Use TTL to manage storage. Rate documents with TTL auto-purge prevents storage accumulation. Without TTL, stale rate documents would accumulate indefinitely, increasing storage cost and degrading query performance.

Results

• 40% faster booking retrieval vs. previous SQL implementation (single document read vs. 12-table JOIN query)
• Single-digit millisecond P99 read latency — Cosmos DB's SLA delivered in practice
• Simplified schema evolution — adding carrier-specific fields required no migration scripts, no ALTER TABLE, and no downtime
• Change Feed powering real-time notification pipeline — 2-second notification latency vs. 30-second polling latency
• Zero cross-partition queries for the 80% of access patterns that matter most
• 35% reduction in write RU cost from custom indexing policy

The main trade-off we accepted: Cosmos DB's eventual consistency model (we used Session Consistency) means that in rare cases, a read immediately after a write may not reflect the write if the read hits a different replica.
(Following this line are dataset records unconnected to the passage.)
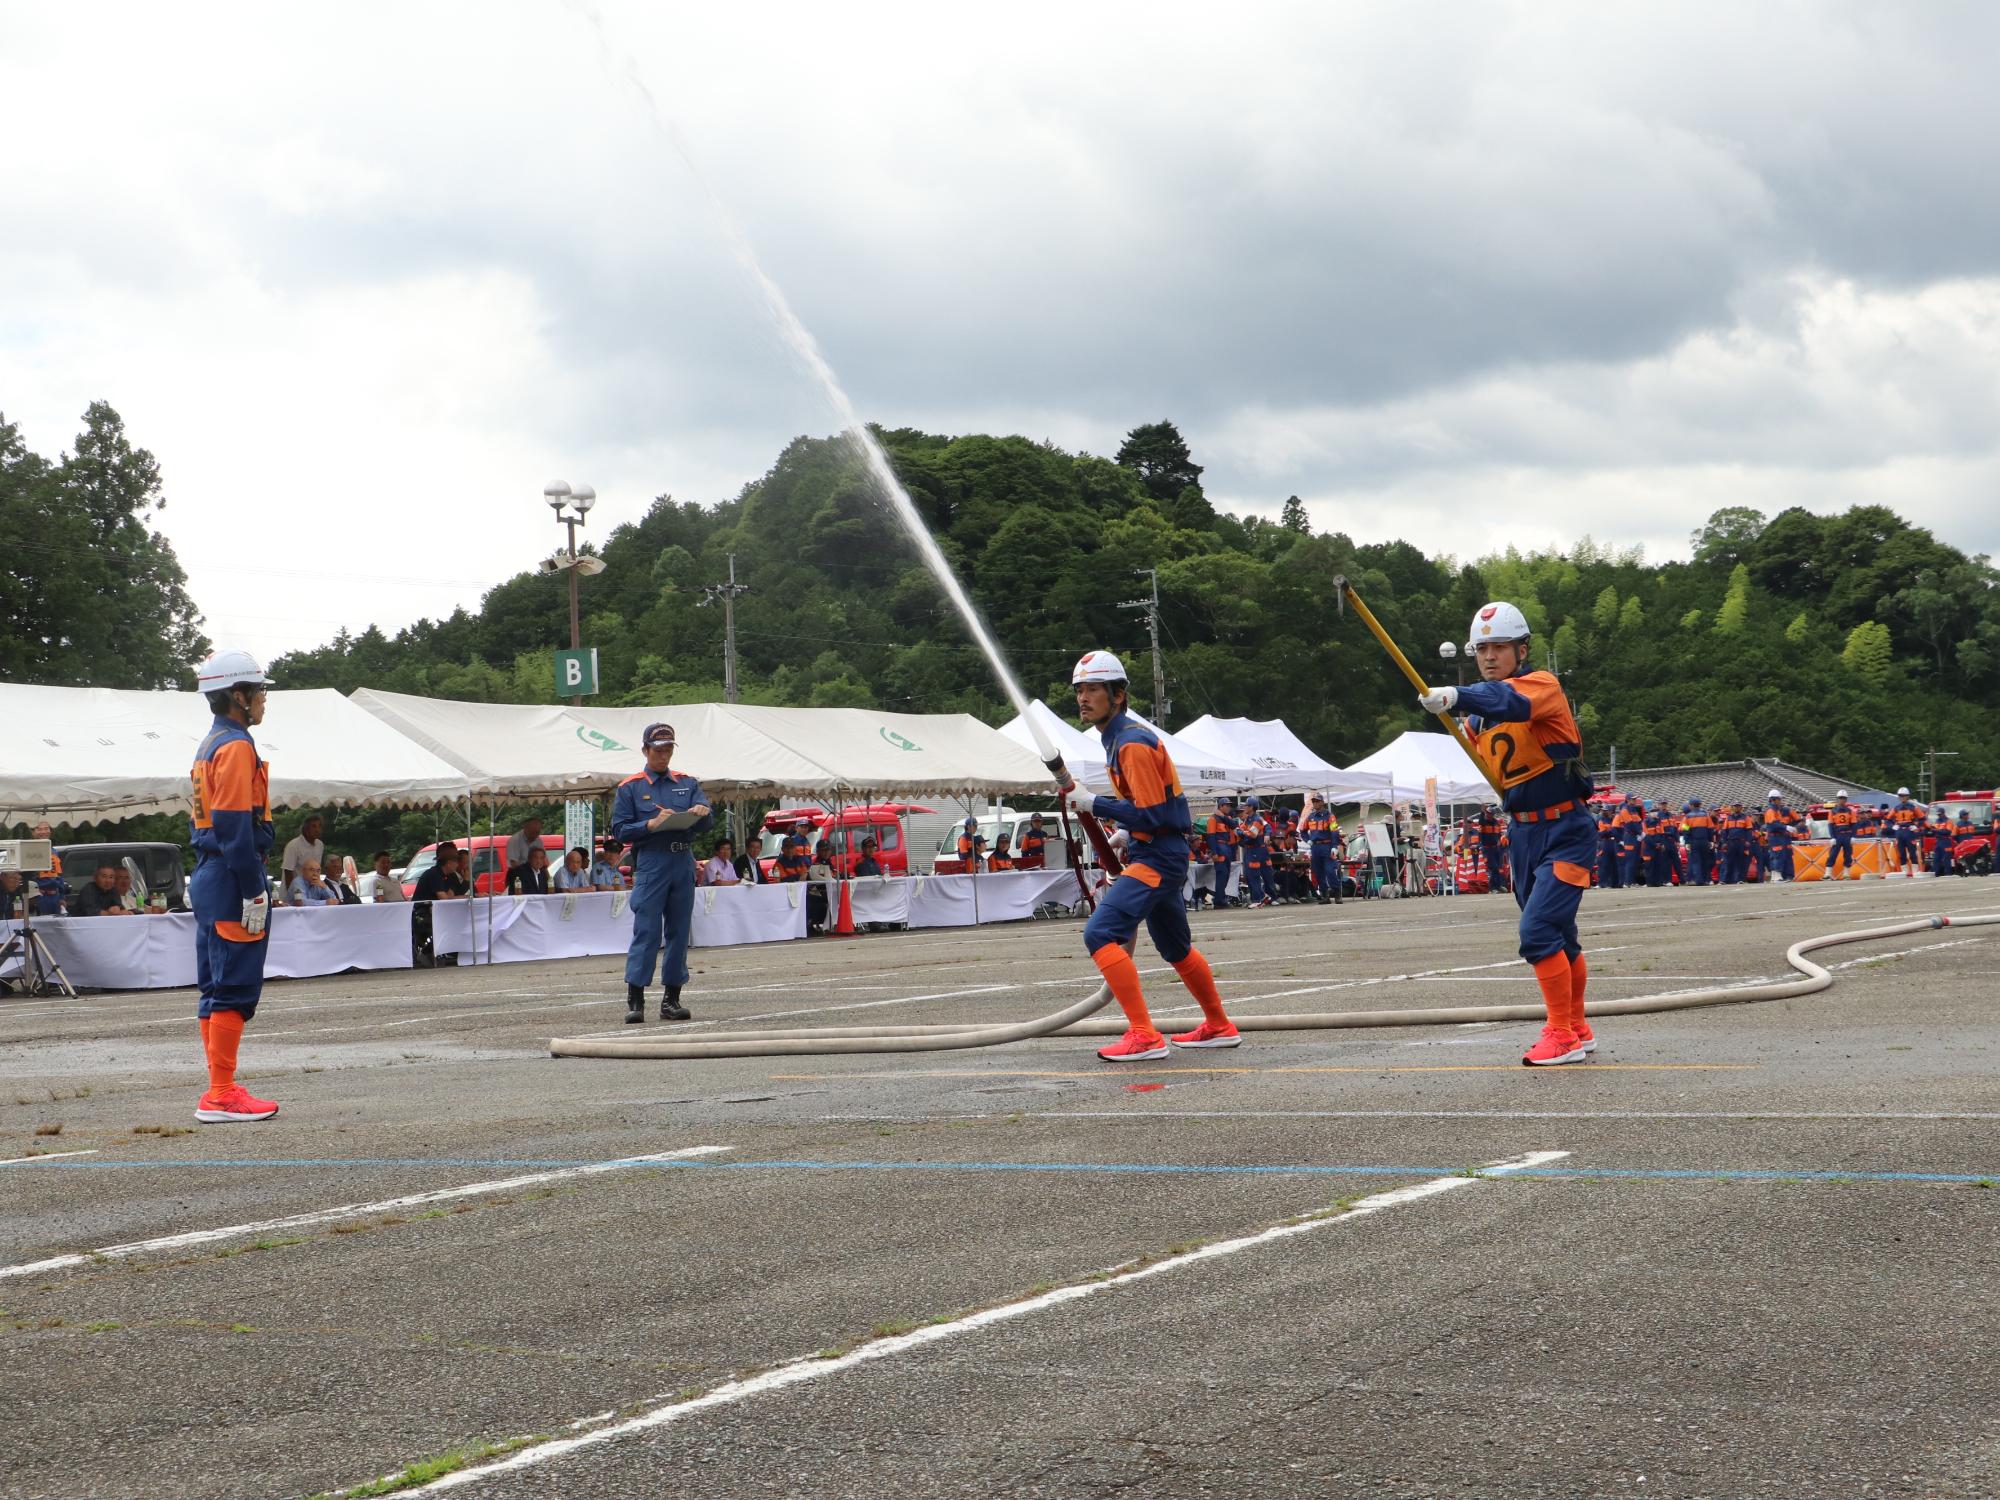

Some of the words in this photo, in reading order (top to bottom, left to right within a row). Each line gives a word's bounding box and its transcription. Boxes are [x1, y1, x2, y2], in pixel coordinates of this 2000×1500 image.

[566, 658, 582, 686] B
[1490, 732, 1531, 780] 2
[1839, 814, 1847, 823] 3
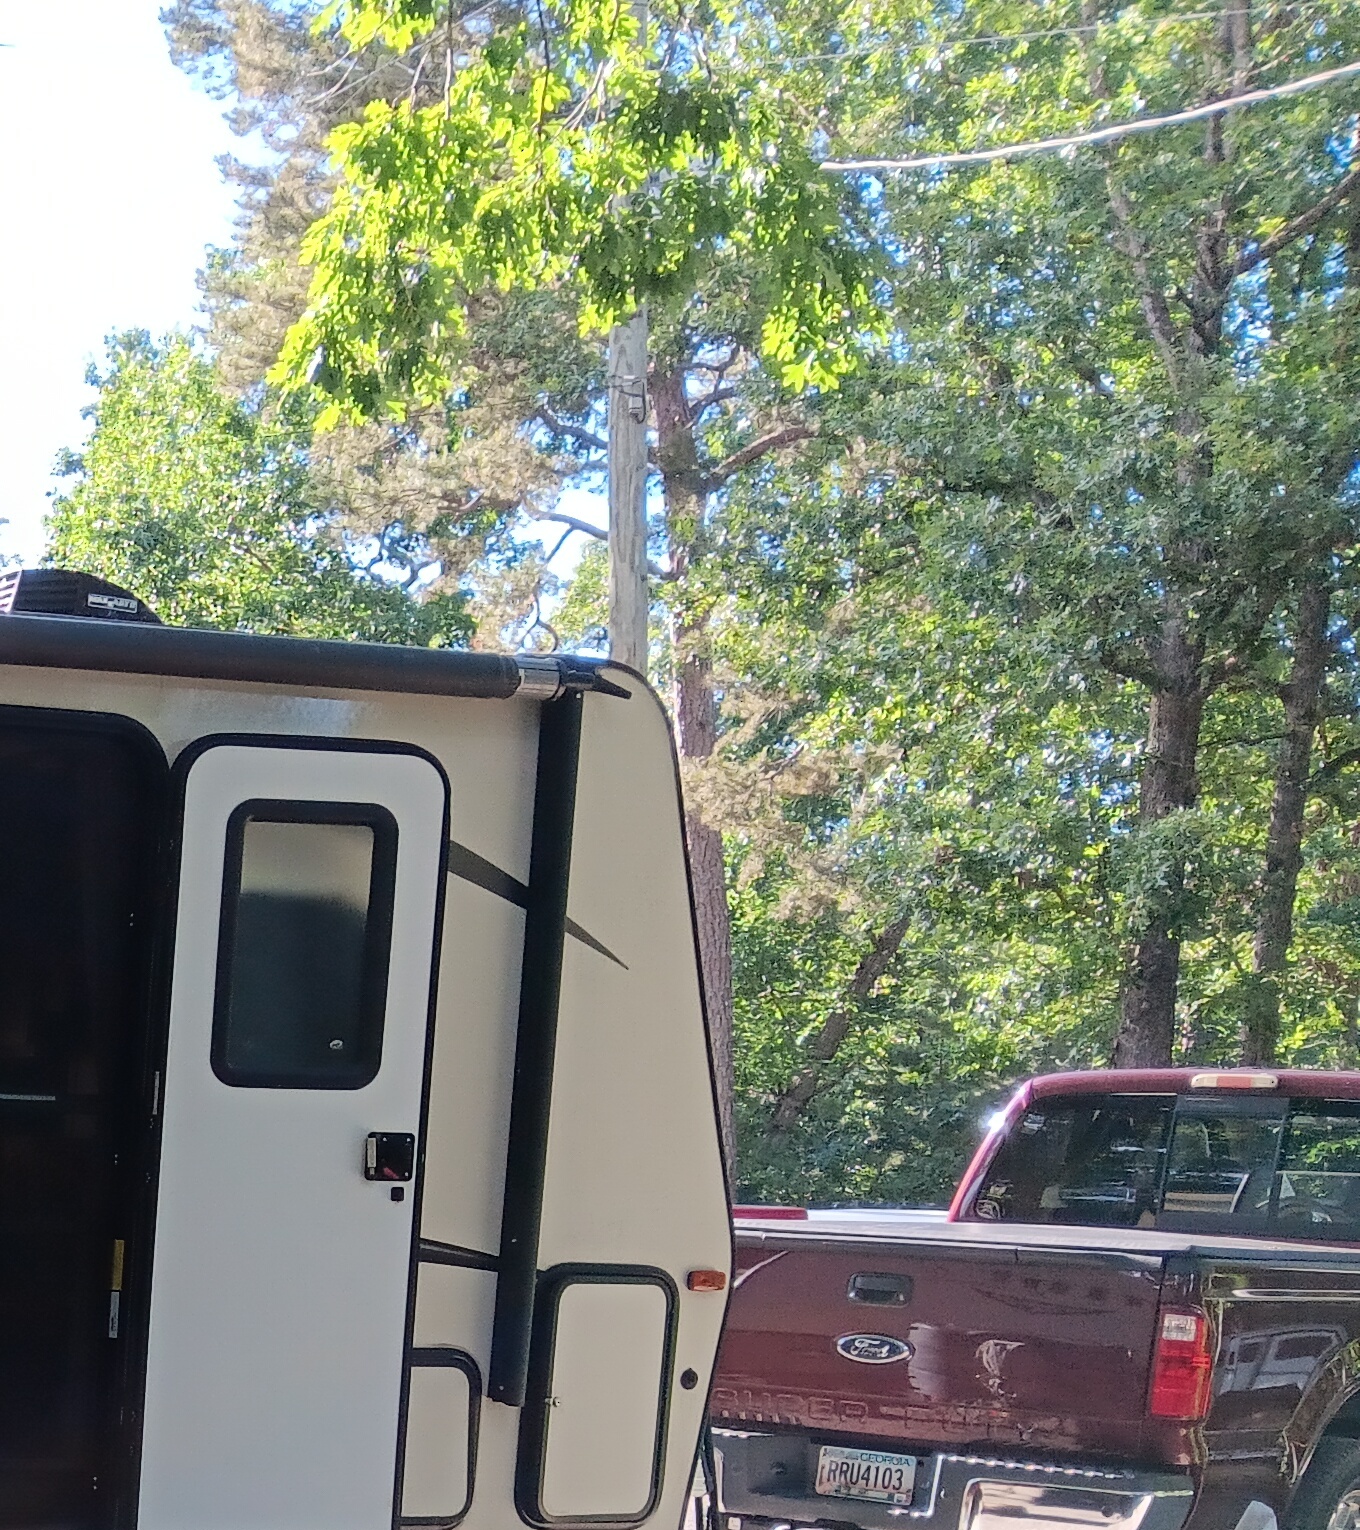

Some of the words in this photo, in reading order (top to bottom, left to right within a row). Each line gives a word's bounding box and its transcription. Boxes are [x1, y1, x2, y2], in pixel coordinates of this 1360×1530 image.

[850, 1338, 890, 1358] Ford
[860, 1453, 910, 1467] GEORGIA
[827, 1460, 904, 1491] RRU4103
For freight booking state, this was acceptable — a 2-second staleness window on status display did not create business problems. For applications where read-after-write consistency is critical, Strong Consistency is available at higher latency and RU cost.

Muhammad Moid Shams is a Lead Software Engineer specialising in Azure, distributed systems, and cloud-native data architecture.